I was first introduced to Mr. Zander through the ever-amazing TED.com. Yes, I realize this website is on the list of “Stuff White People Like” (meaning, it falls in the realm of TOMS shoes, Volvos and Whole Foods), but in its defense TED is worth a second look.
The tagline, “ideas worth spreading” explains the site and its speakers precisely. At TED.com you will find endless amounts of ideas, theories and experiments. The best part? These “riveting talks by remarkable people” are free and fully accessible with the click of a mouse. Most of these lectures come from different TED conferences held throughout the year, but some come from different philanthropic events like the NextGen:Charity conference.
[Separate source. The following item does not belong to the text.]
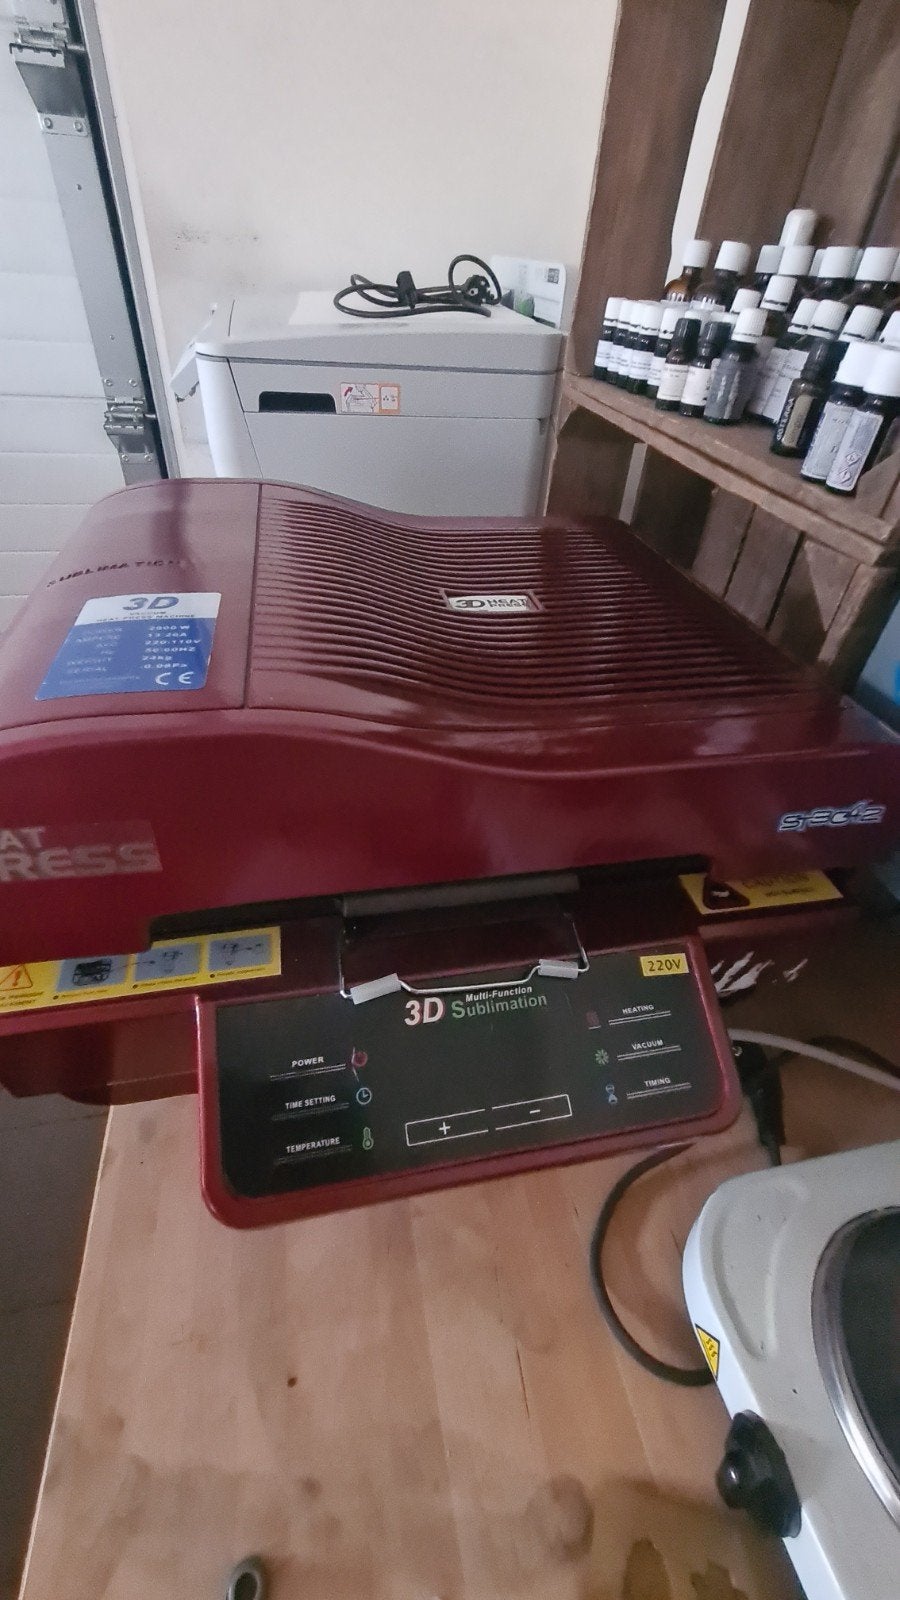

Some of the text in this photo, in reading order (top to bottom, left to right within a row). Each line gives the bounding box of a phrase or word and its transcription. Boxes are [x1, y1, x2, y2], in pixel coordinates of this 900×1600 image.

Another aspect of TED that keeps me coming back is the variety of content. Feeling a little scientific? You can watch a talk about the genomic revolution. Feeling creative? Hear an artist’s take on teaching perspective through virtual children’s books. Of if you just need a little inspiration, you must watch Benjamin Zander’s talk on classical music.
I know, it sounds a little dull. I can just imagine my Lil Wayne-loving brother tuning out right about now. But if anyone can make a case for classical music, it’s Benjamin Zander. He’s like a crazy, passionate professor who possesses the ability to make something like statistics exciting.
Throughout the talk Zander shares his musical expertise and is convinced that you will love classical music once he’s through with you. As he bounces around the stage, his natural ability to inspire others is evident. His enthusiasm for classical music and life is contagious. By the end of the video, I bet you’ll add Chopin to your music collection. I did. Totally worth it.
If you don’t end up watching his talk, I’ll mention a highlight that I think everyone can benefit from. At one point Zander talks about being a conductor and the job of “awakening possibility in other people.” He excitedly explains that you can apply this idea to everyday life, and you can measure your effectiveness – just look for shining eyes. And if you don’t see that spark in the people around you, he reminds you of your ability to change that. For him, measuring success is not about wealth, fame or power, it’s about how many shiny eyes he has around him.
Thanks to TED, Benjamin Zander’s wisdom continues to affect people everyday – 1,748,843 people to date.
Websites like TED.com affirm my choice to study media and pursue a career in publishing. The exchange of ideas, when done well, can be powerful and life changing.
Although negative aspects of the media have been on the forefront lately, it’s good to be reminded of the positive. And for me, TED embodies positivity of technology and the art of communication. After watching a few videos, I’m sure you’ll agree.